本发明为了实现上述目的所采用的技术方案为:
一种共价有机骨架纳米药物载体,将N,N,N',N'-四(4-甲酰基苯基)-1,1'-联苯-4,4'-二胺单体与3,3',5,5'-四甲基联苯胺单体反应得到共价有机骨架材料,然后通过室温反应负载药物葡萄糖氧化酶。
上述纳米药物载体的制备方法,包括以下步骤:
(1)特定共价有机骨架单体材料的制备:将N,N,N’,N’-四苯基联苯胺和咪唑加入到圆底烧瓶中,然后加入乙腈,在氮气氛中滴加三氟乙酸酐,将混合物回流直到N,N,N’,N’-四苯基联苯胺完全耗尽,将反应溶液倒入水中以溶解出黄色粉末沉淀,用水洗涤滤饼直至滤液变为无色,得到产物单体前体A,将前体A溶解在四氢呋喃中,然后泵送HCl气体,将反应溶液回流10-20小时,将反应溶液冷却至室温,并形成橙色固体;将反应混合物过滤并从乙醚中重结晶,得到化合物单体B;
(2)特定共价有机骨架材料的制备:将上述化合物单体B与3,3',5,5'-四甲基联苯胺加入圆底烧瓶中,加入四氢呋喃,并添加0.1-10 mL甲酸作为催化剂,在油浴锅下进行回流反应并待溶液冷却至室温,形成黄橙色混合物体,将混合物抽滤,并在25℃下干燥得到共价有机骨架材料固体C;
(3)葡萄糖氧化酶药物的负载:将固体C溶解在磷酸盐缓冲盐水中,然后顺序添加葡萄糖氧化酶溶液,在室温下于黑暗中搅拌, 将得到的混合物高速离心,分离上清液,将下部固体用PBS溶液洗涤,然后冷冻干燥,获得黄棕色固体粉末。
优选地,上述制备方法中,步骤(1)中,N,N,N’,N’-四苯基联苯胺与咪唑的质量比为1-3.5:0.9-3.1,N,N,N’,N’-四苯基联苯胺2.0-7.0 g加入到90 mL乙腈中,乙腈、三氟乙酸酐的体积比为0.9:0.15-0.25;
步骤(1)中前体A 8-15g溶解在200 mL 四氢呋喃中,盐酸、四氢呋喃的体积比为2:1,HCl气体的浓度为2.5 mol L-1。

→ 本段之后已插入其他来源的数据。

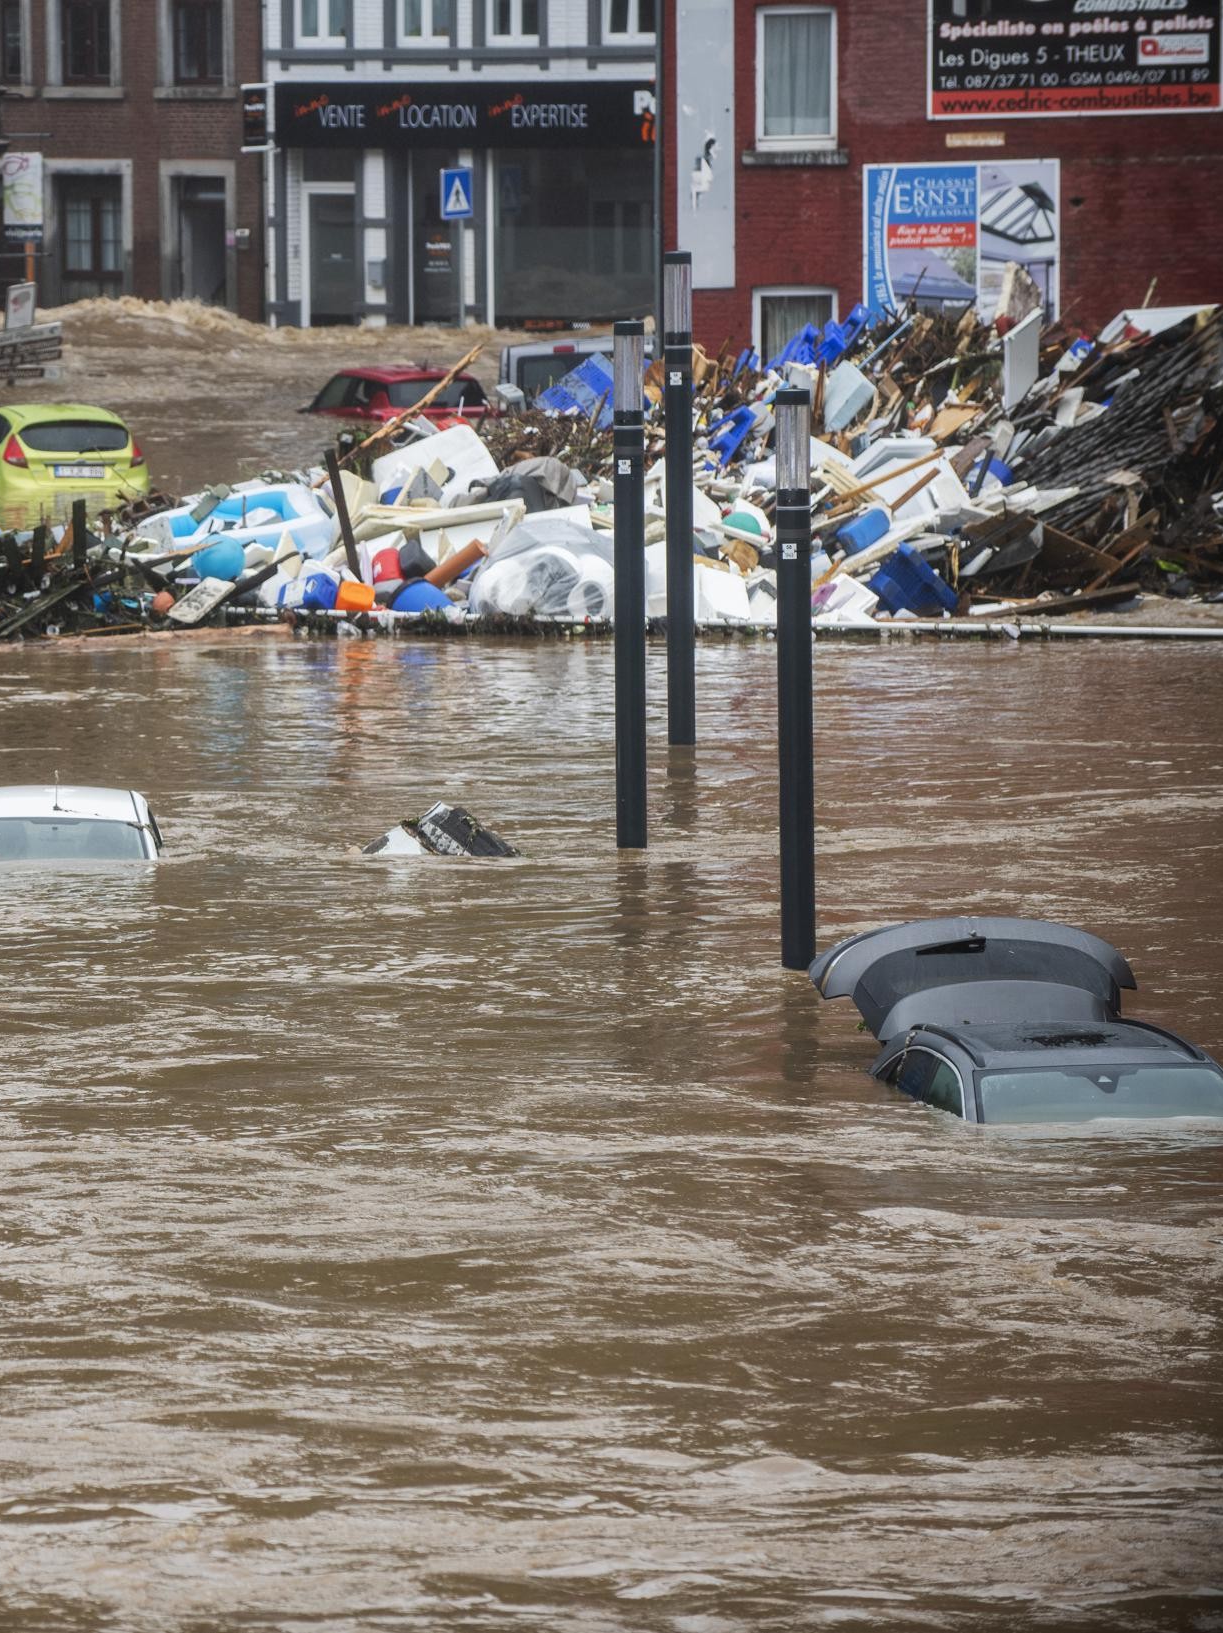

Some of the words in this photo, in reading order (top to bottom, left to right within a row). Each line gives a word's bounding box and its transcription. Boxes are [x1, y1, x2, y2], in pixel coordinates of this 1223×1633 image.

[939, 20, 1037, 41] Spécialiste
[1041, 22, 1064, 35] en
[1069, 17, 1129, 38] poêles
[1134, 16, 1147, 32] à
[1152, 14, 1214, 34] pellets
[939, 49, 965, 67] Les
[970, 47, 1030, 70] Digues
[1035, 46, 1048, 64] 5
[1065, 44, 1126, 63] THEUX
[964, 74, 1015, 88] 087/37
[1019, 73, 1036, 87] 71
[1040, 72, 1059, 86] 00
[1069, 71, 1103, 86] GSM
[1105, 70, 1165, 84] 0496/07
[1171, 69, 1186, 82] 11
[1191, 68, 1210, 82] 89
[940, 87, 1212, 112] www.cedric-combustibles.be
[319, 104, 365, 128] VENTE
[399, 104, 477, 128] LOCATION
[511, 103, 588, 128] EXPERTISE
[914, 176, 975, 189] CHASSIS
[894, 184, 975, 214] ERNST
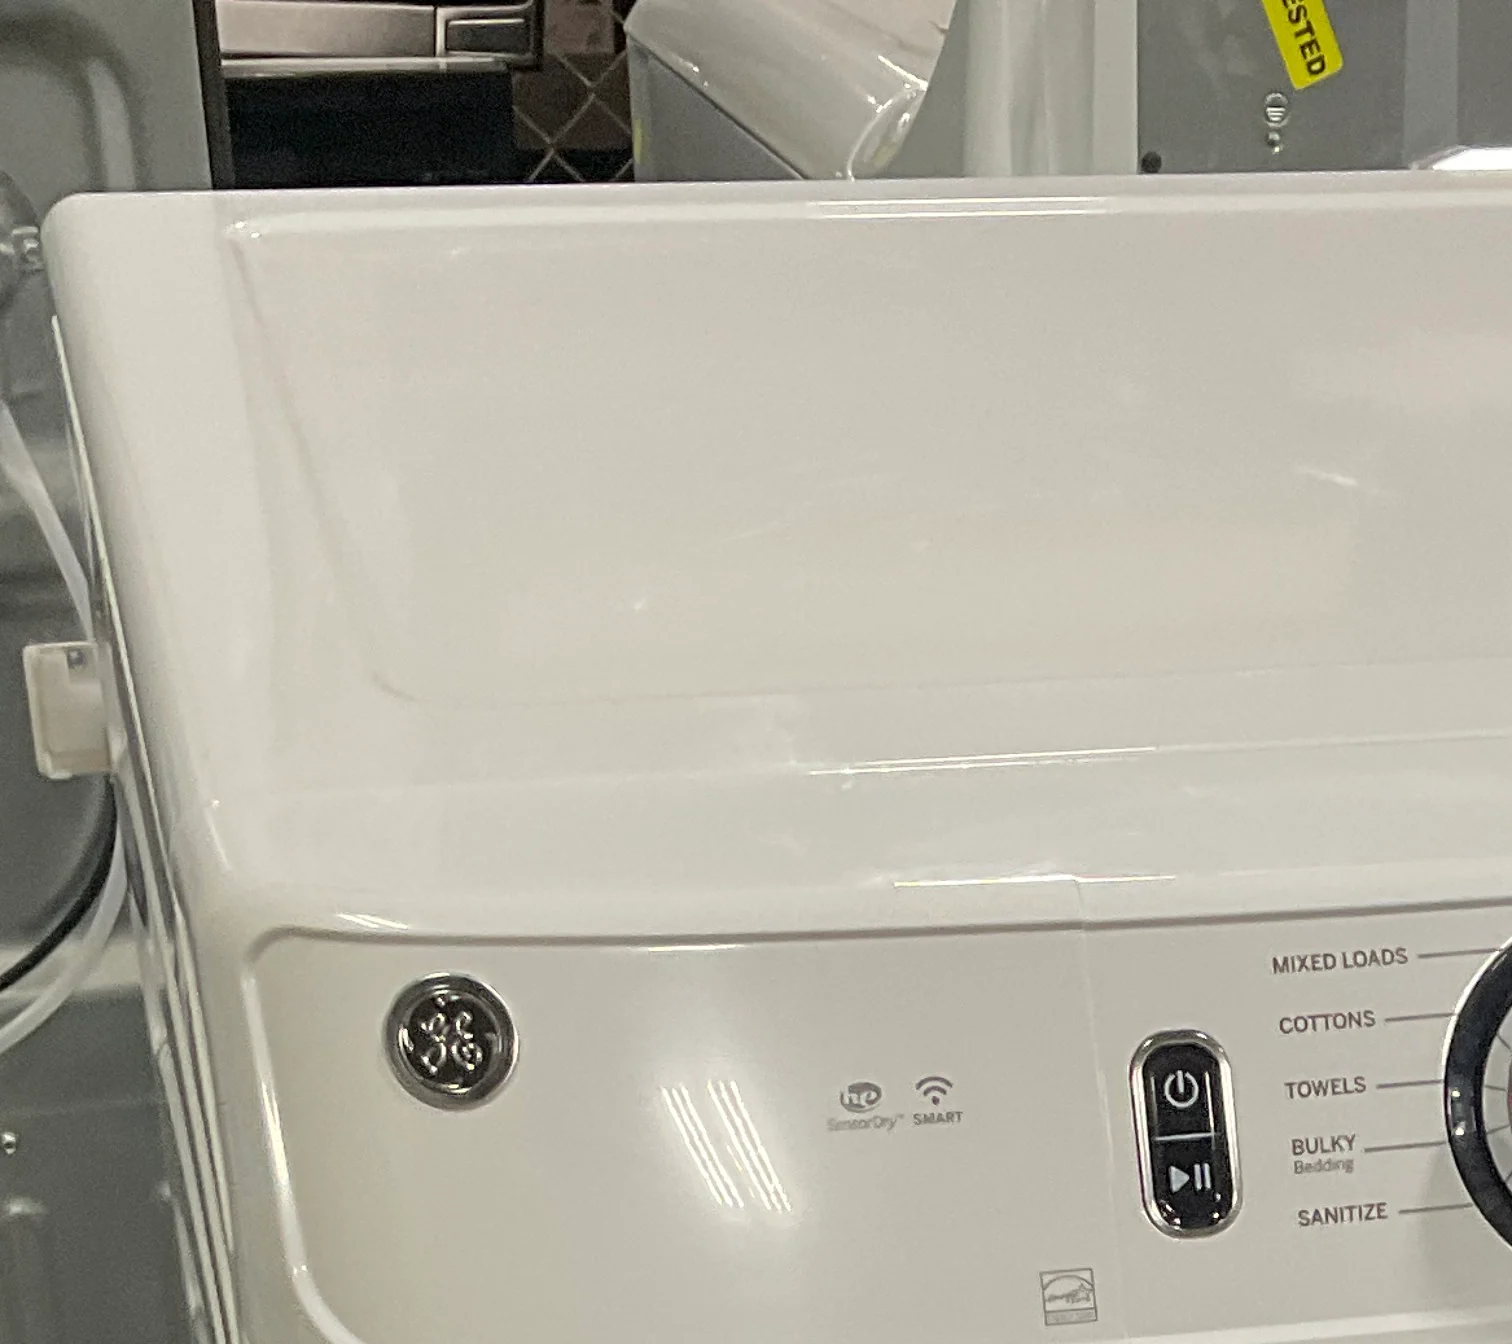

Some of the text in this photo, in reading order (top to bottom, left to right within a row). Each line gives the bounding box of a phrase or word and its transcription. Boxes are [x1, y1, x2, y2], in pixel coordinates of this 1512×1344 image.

[1272, 947, 1408, 974] MIXED LOADS
[1279, 1010, 1376, 1034] COTTONS
[1284, 1076, 1366, 1099] TOWELS
[913, 1111, 963, 1126] SMART
[1291, 1134, 1356, 1156] BULKY
[1293, 1158, 1354, 1175] Bedding
[1297, 1202, 1388, 1227] SANITIZE

优选地,上述制备方法中,,步骤(2)中化合物单体B与3,3',5,5'-四甲基联苯胺的质量比:1 :0.75~1.75。
优选地,上述制备方法中,所述步骤(2)中油浴锅中的回流反应的温度为65~75℃,时间为4h~72h。
优选地,上述制备方法中,所述步骤(3)中固体C与葡萄糖氧化酶的质量比为:10:0.5~3,葡萄糖氧化酶溶液的浓度为0.1~0.5 mg / mL,葡萄糖氧化酶的分子量为100000~200000。
优选地,上述制备方法中,所述步骤(3)中离心的转速为5000~8000 r/min,时间为5~20 min。

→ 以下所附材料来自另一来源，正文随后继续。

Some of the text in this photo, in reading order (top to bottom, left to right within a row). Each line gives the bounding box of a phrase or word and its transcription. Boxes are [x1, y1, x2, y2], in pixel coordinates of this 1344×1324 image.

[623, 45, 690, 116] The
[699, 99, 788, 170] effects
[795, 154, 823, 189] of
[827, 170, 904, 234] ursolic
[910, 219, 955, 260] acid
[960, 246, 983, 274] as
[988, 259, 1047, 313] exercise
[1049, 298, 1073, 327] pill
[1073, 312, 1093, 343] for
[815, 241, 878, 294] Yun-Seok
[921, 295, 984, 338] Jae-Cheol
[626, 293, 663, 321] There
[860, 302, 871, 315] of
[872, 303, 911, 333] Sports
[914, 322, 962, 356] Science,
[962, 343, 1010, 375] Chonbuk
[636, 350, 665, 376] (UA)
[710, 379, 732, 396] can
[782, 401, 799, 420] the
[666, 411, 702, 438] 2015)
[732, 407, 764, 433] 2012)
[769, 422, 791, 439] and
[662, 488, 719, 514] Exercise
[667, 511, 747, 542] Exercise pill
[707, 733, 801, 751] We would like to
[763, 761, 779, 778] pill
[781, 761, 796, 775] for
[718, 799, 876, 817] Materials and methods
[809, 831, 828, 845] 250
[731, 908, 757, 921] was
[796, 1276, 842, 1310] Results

本发明制成的载体中,固体C共价有机骨架材料为100-500 nm的单层或者多层的层状结构或者球状。
上述方法制备的纳米药物载体在制备抗癌药物中的应用。
有益效果
(1)以轻质元素合成的共价有机骨架材料作为载体,避免了以往在载体中引入过量重金属导致的过多身体负担,同时较为简单的合成过程避免了复杂的合成工序,有望实现较大的规模生产。
(2)利用生物酶材料作为药物,避免了由于药物而引起的身体机能损伤,可以实现对癌细胞的针对性损伤。极大的降低了药物的毒副作用。
(3)载体材料具有较明显的荧光性,在负载酶药物后,会产生一定的荧光强度下降,并且在紫外灯下照射,可以明显观察到这一现象,可以实现可视化的药物负载。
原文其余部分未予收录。